Here, we examined the effect of EGCG and a PPARδ agonist (L-165,041) on IL-18-induced H9c2 hypertrophy. In addition, we sought to elucidate the relationship between IL-18 and HTR2B-induced cardiomyoblast hypertrophy.

Methods
Cell culture and reagents

H9c2 myoblasts were obtained from the Bioresource Collection and Research Center (Hsinchu, Taiwan), and the detection and verification of the cardiomyoblast cell line was based on Kimes [17]. Cells were cultured in Dulbecco's modified Eagle's medium (Gibco) containing 10% fetal bovine serum (Gibco) and 1% antibiotic–antimycotic (Gibco), and were maintained in an incubator at 37 °C under a humidified atmosphere of 5% CO2 in air. Cardiomyoblasts in the experimental groups were pretreated with serotonin at 10 μM, EGCG (Sigma-Aldrich) at 20 μM, PPARδ agonist L-165,041 (Sigma-Aldrich) at 2 μM, or HTR2B antagonist SB215505 (Sigma-Aldrich) at 0.1 μM for 30 min, and were subsequently treated with IL-18 (ProSpec; Ness-Ziona, Israel) at 0.3 μg/mL for 18 h.

Western blotting

Nuclear or total protein was extracted from cardiomyoblasts homogenized in cell lysis buffer (Pro-Prep; iNtRON Biotechnology; Gyeonggi-do, Korea). Protein concentrations were determined using a BCA Assay Kit (Thermo Fisher Scientific). We mixed 30 μg protein samples with sample buffer (150 μM NaCl, 1% Triton X-100), 0.5% sodium deoxycholate, and 0.1% sodium dodecyl sulfate (SDS), heated the mixture in a boiling water bath for 5 min, and separated the proteins by SDS–10% polyacrylamide gel electrophoresis (PAGE) under denaturing conditions (gel 10 cm × 8 cm × 1 mm; running voltage 80 V for 2 h; Hoefer SE260 Protein Electrophoresis Unit). Proteins in the gel were transferred (running voltage: 80 mA for 80 min; Hoefer TE70XP Semi-Dry Transfer) to PVDF membranes (Immobilon-P transfer membrane; Millipore), which were then soaked in methanol for 5 min. Nonspecific binding sites on the membranes were blocked with 5% skim milk in phosphate-buffered saline (PBS) containing 0.1% Tween 20 (Tween) for 60 min, and then incubated with anti-NIK (1:5,000 in PBS-Tween, Santa Cruz Biotechnology cat.
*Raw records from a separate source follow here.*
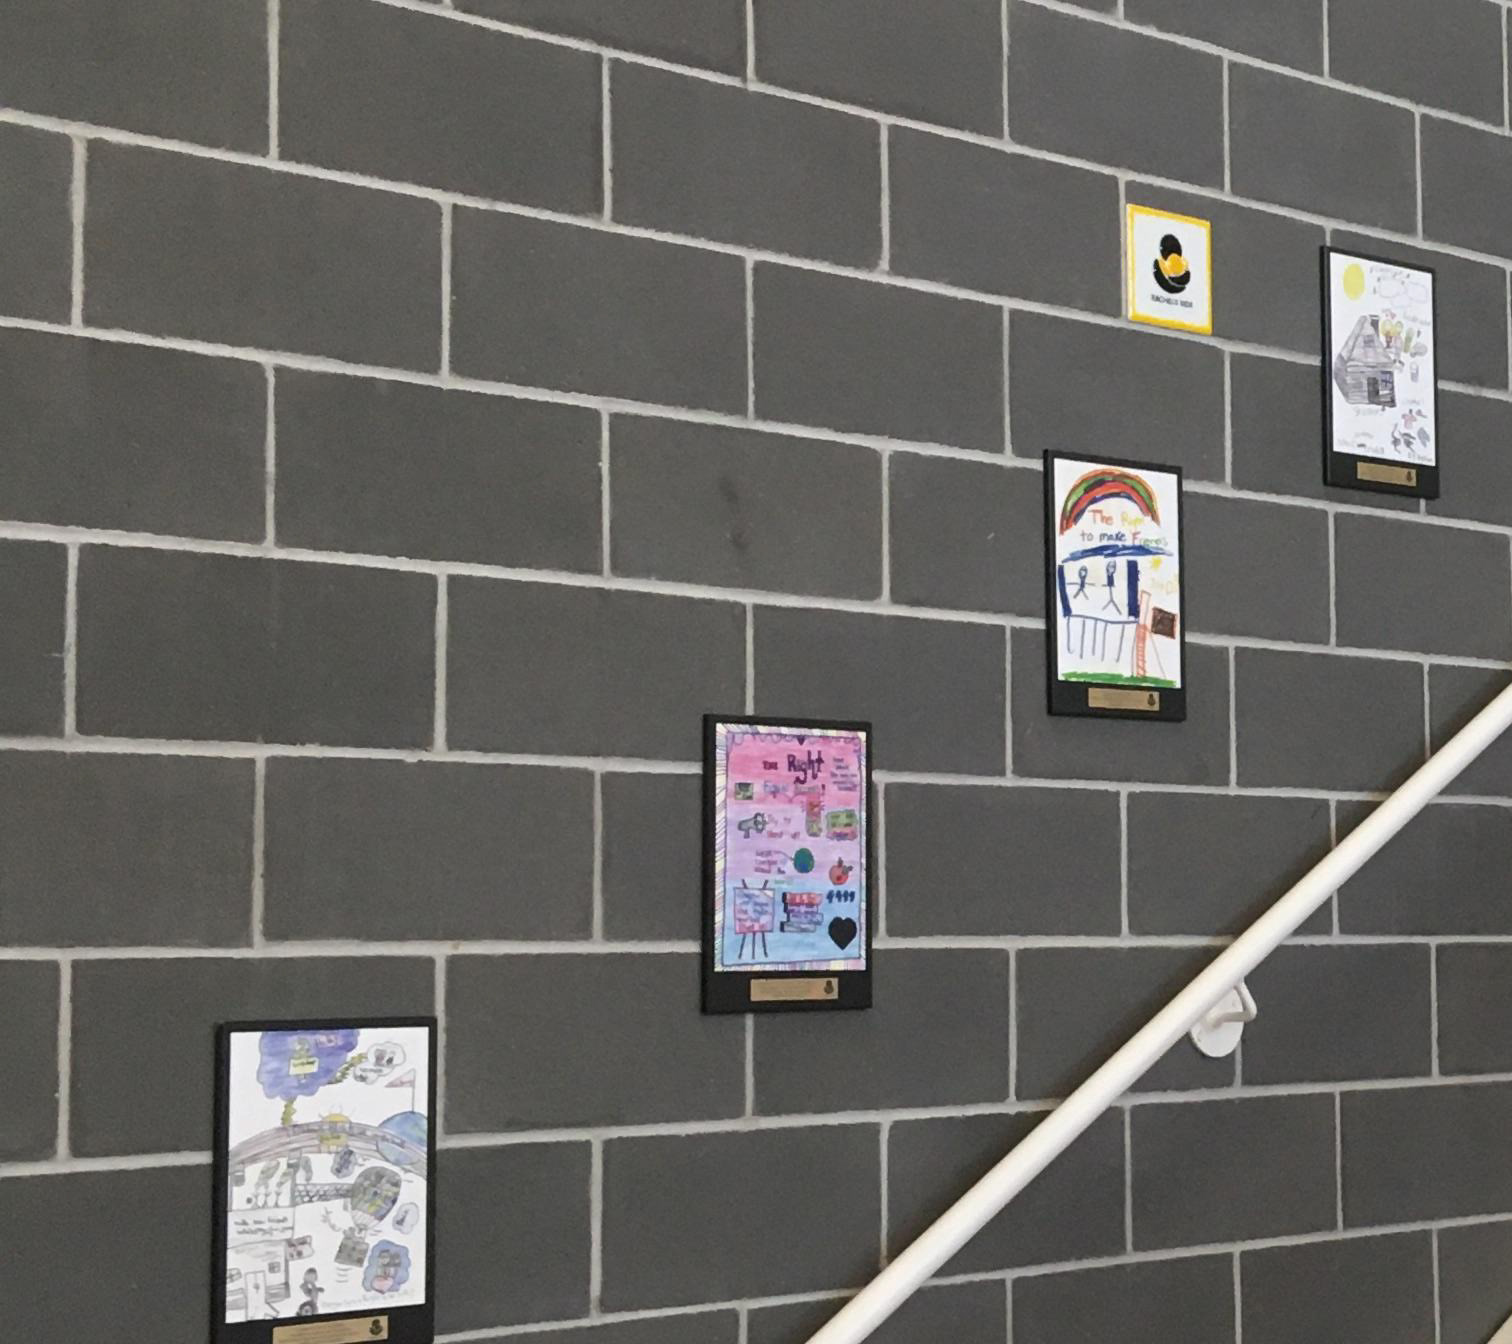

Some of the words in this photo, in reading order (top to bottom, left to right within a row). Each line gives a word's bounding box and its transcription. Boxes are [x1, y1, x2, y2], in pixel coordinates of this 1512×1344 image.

[1088, 509, 1114, 525] The
[1080, 529, 1094, 542] to
[1099, 531, 1127, 542] make
[787, 750, 824, 785] Right
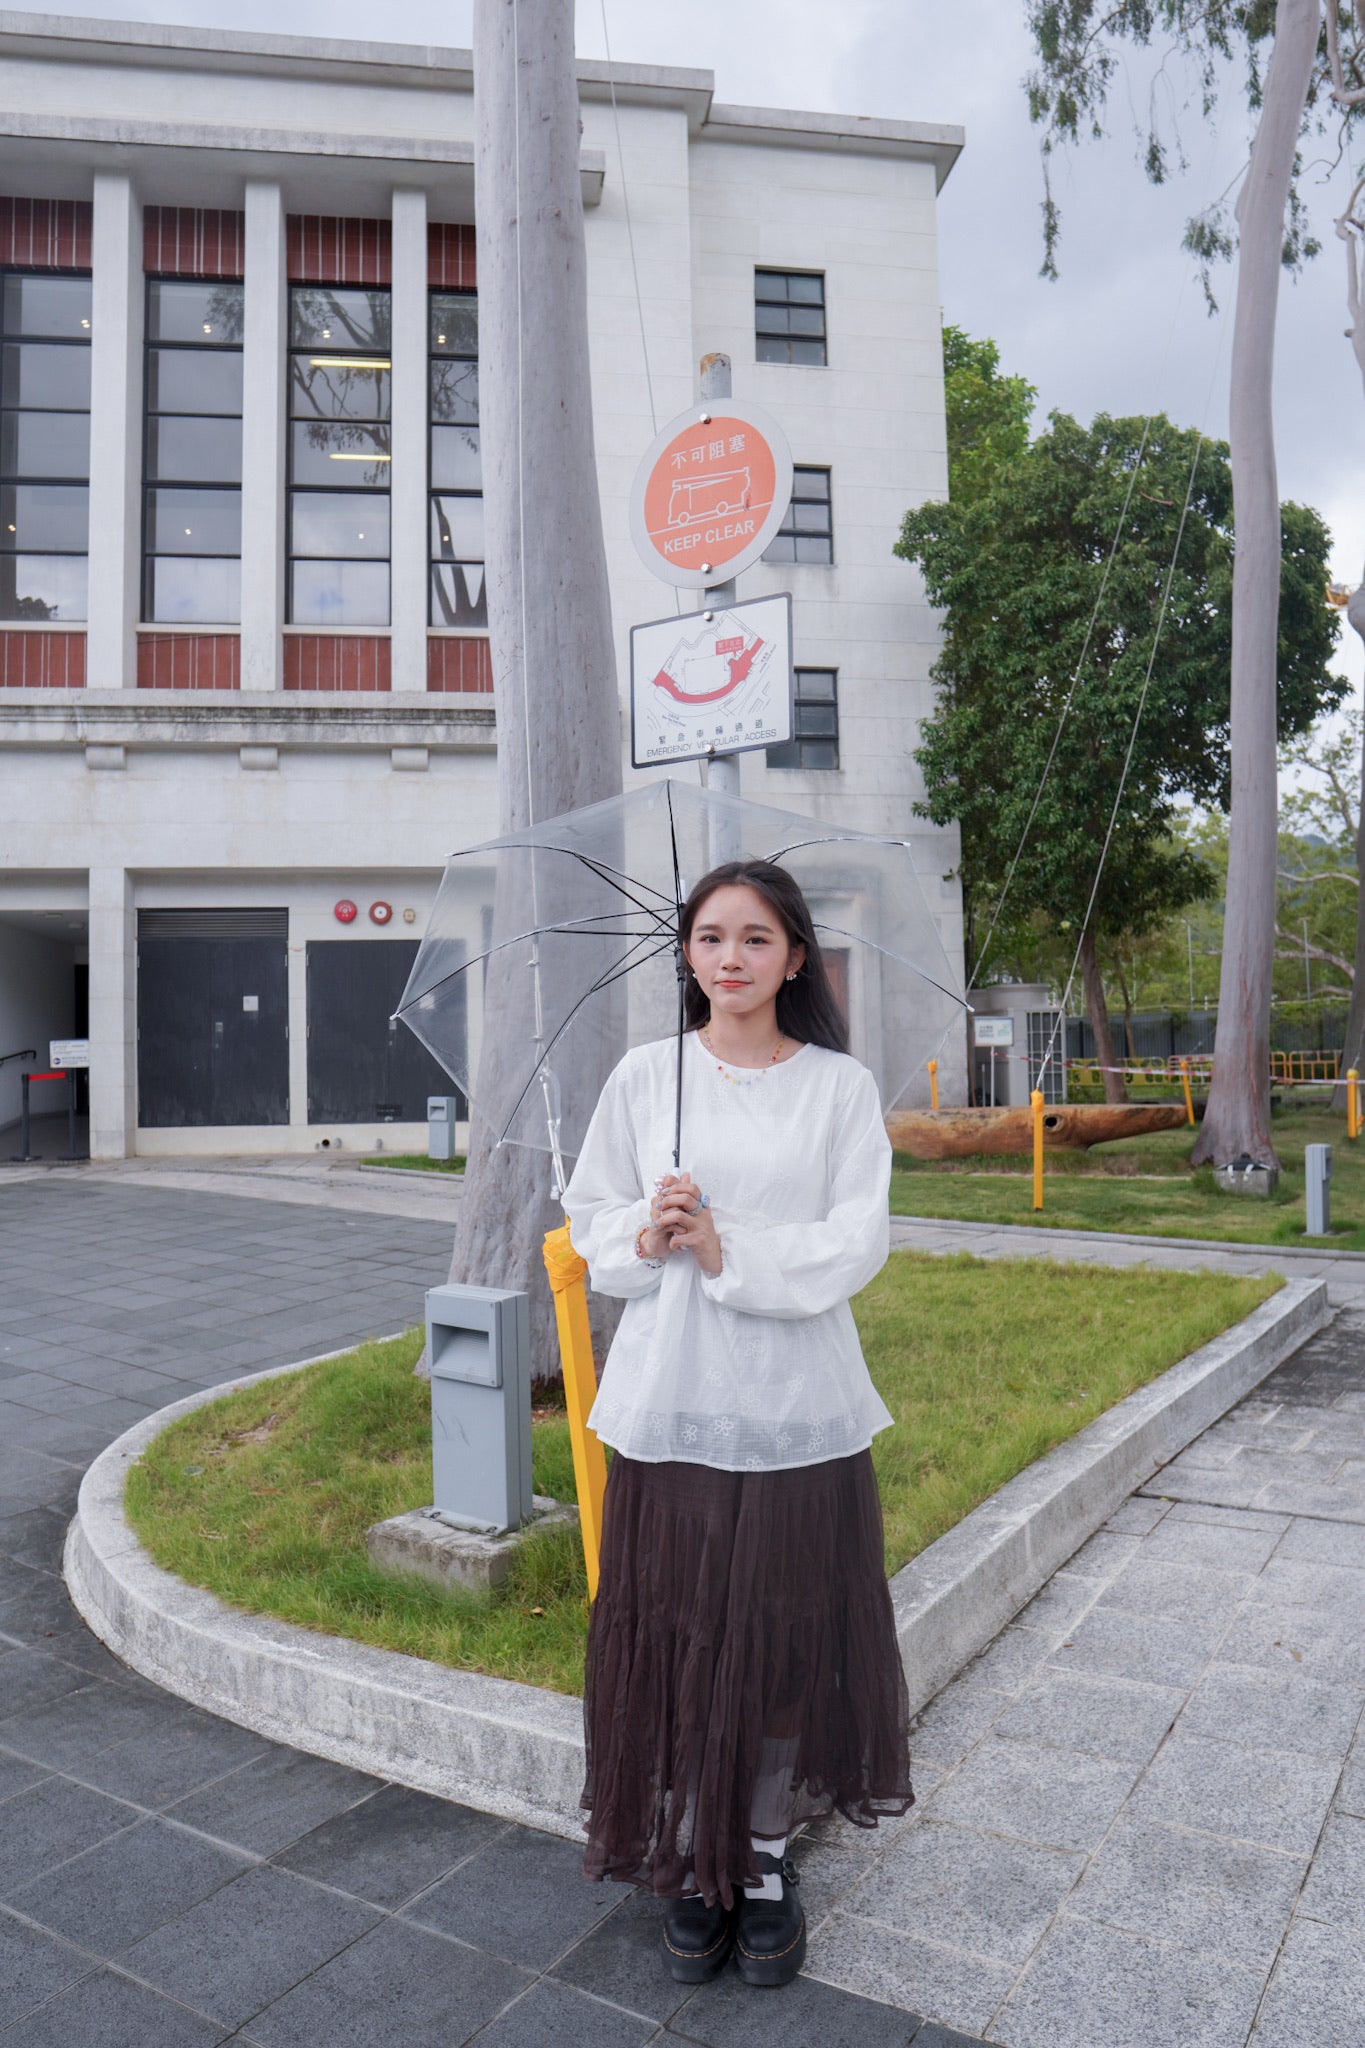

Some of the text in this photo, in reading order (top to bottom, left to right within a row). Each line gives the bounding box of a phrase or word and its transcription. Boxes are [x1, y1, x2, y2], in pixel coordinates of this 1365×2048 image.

[671, 433, 745, 470] 不可阻塞
[663, 519, 755, 555] KEEP CLEAR
[646, 742, 693, 758] EMERGENCY
[744, 728, 777, 742] ACCESS
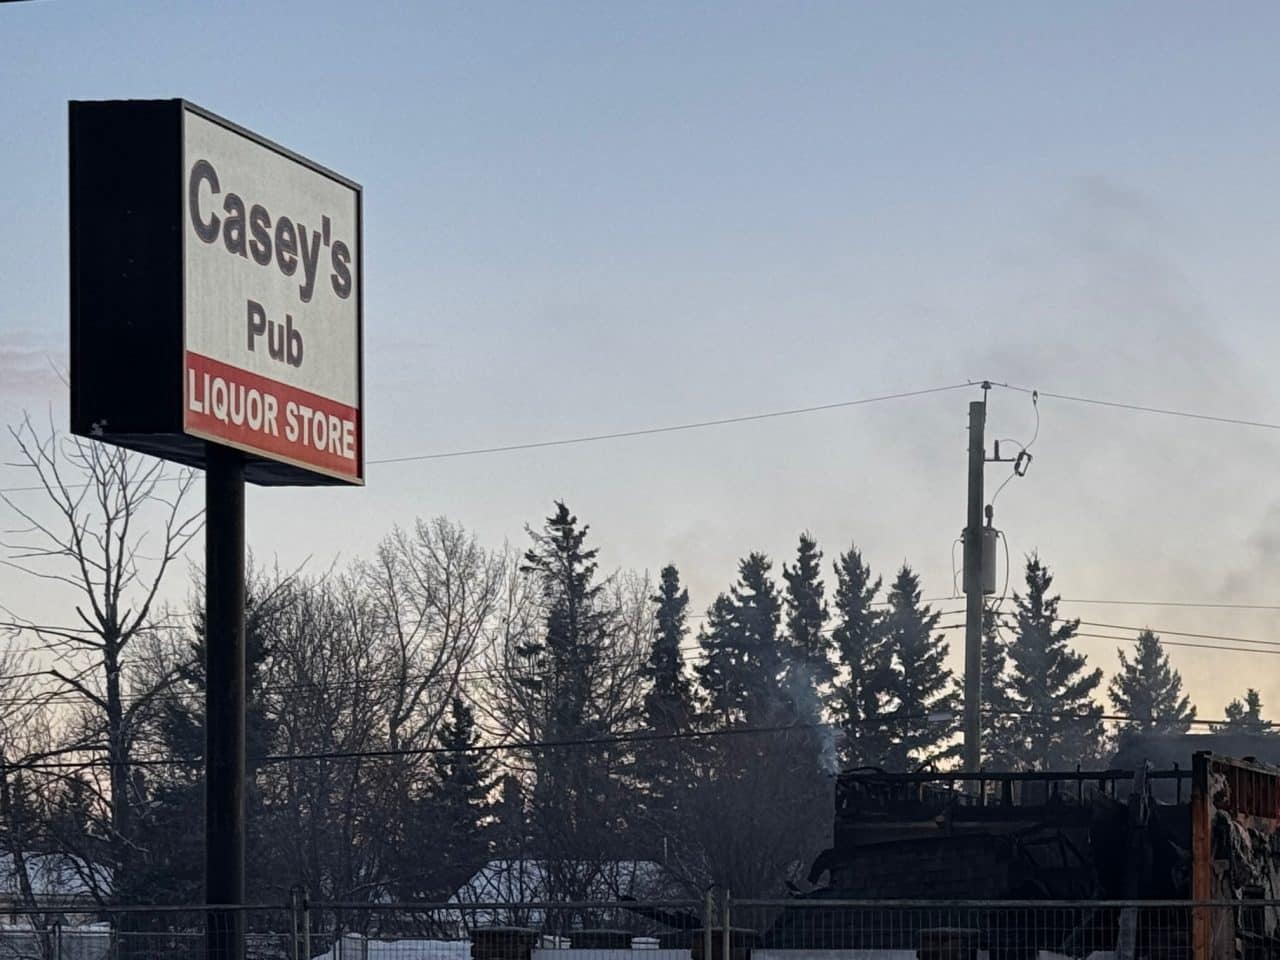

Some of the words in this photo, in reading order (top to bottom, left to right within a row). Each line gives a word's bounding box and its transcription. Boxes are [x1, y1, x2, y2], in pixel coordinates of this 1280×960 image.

[188, 159, 352, 303] Casey's
[247, 300, 304, 368] Pub
[188, 368, 278, 437] LIQUOR
[285, 401, 355, 459] STORE
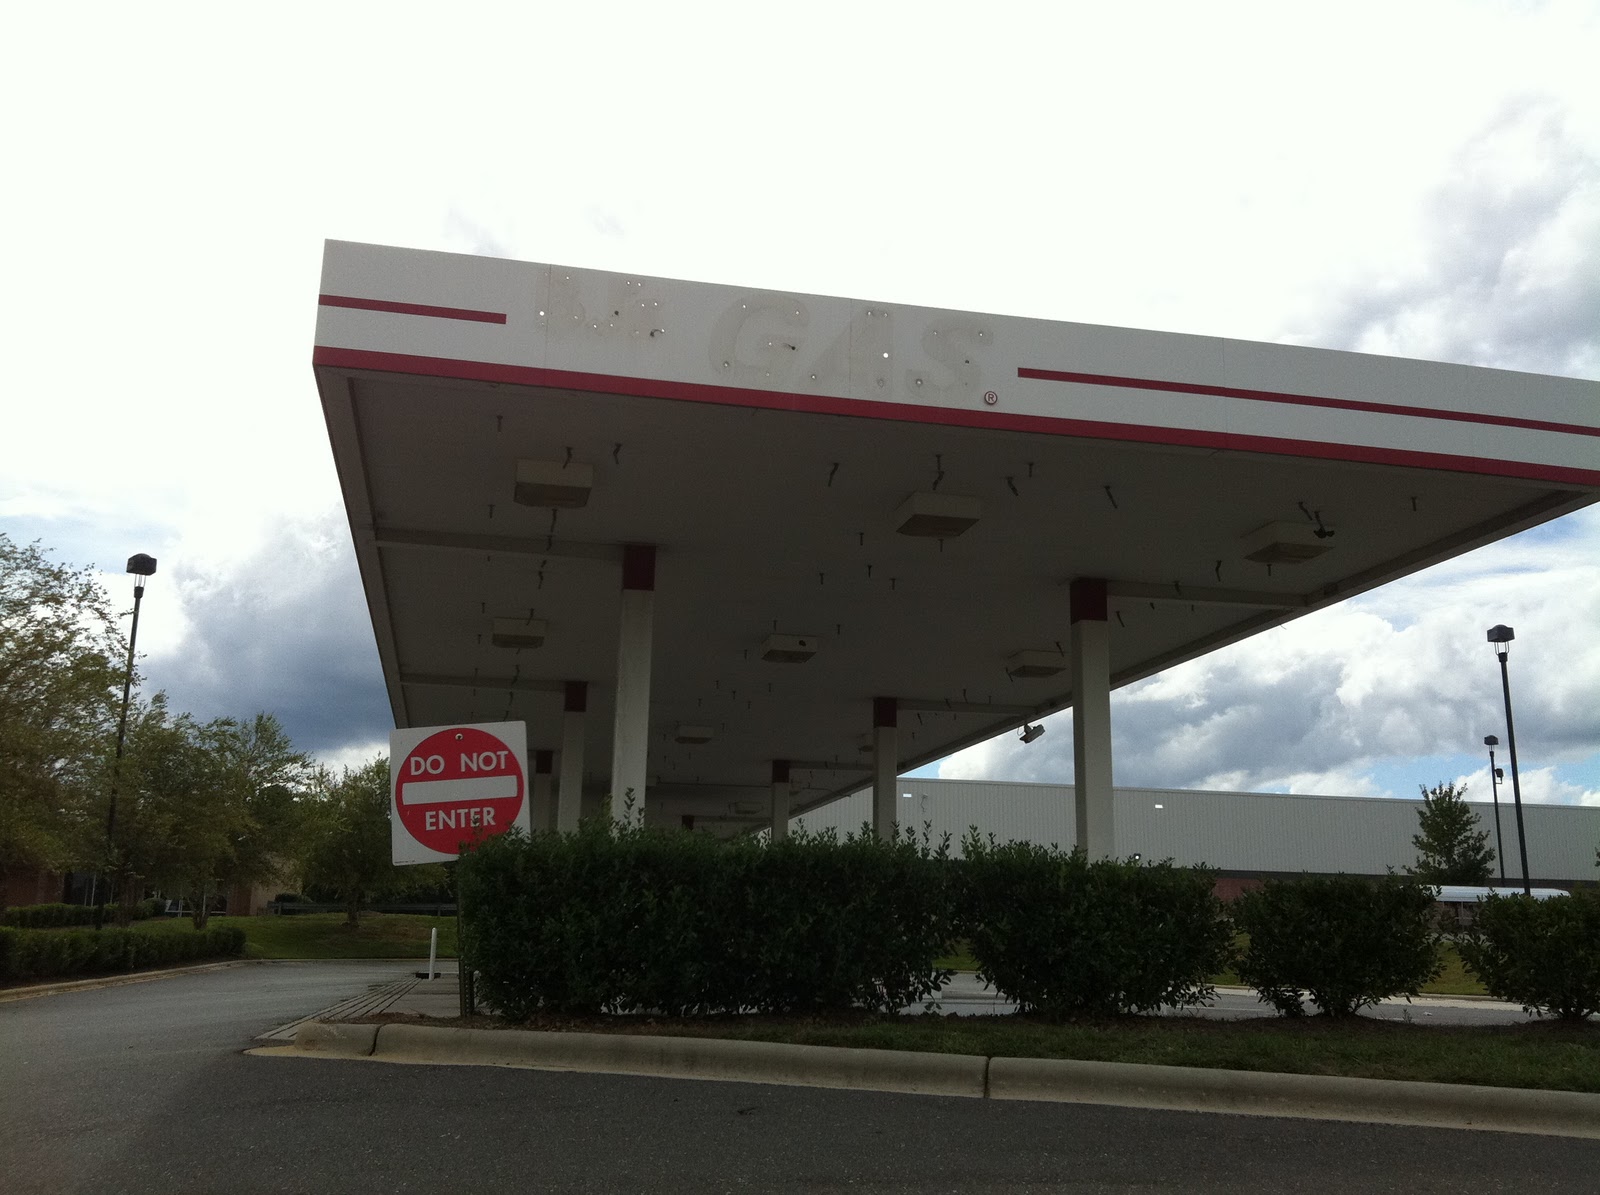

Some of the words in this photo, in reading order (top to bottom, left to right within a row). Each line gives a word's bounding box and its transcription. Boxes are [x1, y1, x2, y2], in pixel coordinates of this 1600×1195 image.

No. sc-8417; Research Resource Identifier (RRID): AB_628021, https://scicrunch.org/resources), anti-NF-κB (1:5000, Santa Cruz Biotechnology cat. No. sc-8008; RRID: AB_628017), anti-BNP (1:5000, Santa Cruz Biotechnology cat. No. sc-271185; RRID: AB_10609757), anti-MMP-3 (1:5000, Santa Cruz Biotechnology cat. No. sc-21732; RRID: AB_627958), anti-MMP-9 (1:5000, Santa Cruz Biotechnology cat. No. sc-21733; RRID: AB_627959), anti-HTR2B (1:5000, Santa Cruz Biotechnology cat. No. sc-25647; RRID: AB_2124523), anti-C23 (1:5000, Santa Cruz Biotechnology cat. No. sc-8031; RRID: AB_670271), or anti-β-actin (1:5000, Santa Cruz Biotechnology cat. No. sc-47778; RRID: AB_626632) antibodies overnight at 4 °C. The membranes were washed with PBS-Tween and subsequently incubated with horseradish peroxidase-conjugated secondary antibody (anti-goat, 1:5000 in PBS-Tween, Santa Cruz Biotechnology cat. No. sc-2020; RRID: AB_631728; anti-rabbit, 1:5000, Santa Cruz Biotechnology cat. No. sc-2004; RRID: AB_631746, or anti-mouse, 1:5000, Santa Cruz Biotechnology cat. No. sc-2005, RRID: AB_631736) as appropriate for 1 h at room temperature. Signals were visualized by enhanced chemiluminescent detection.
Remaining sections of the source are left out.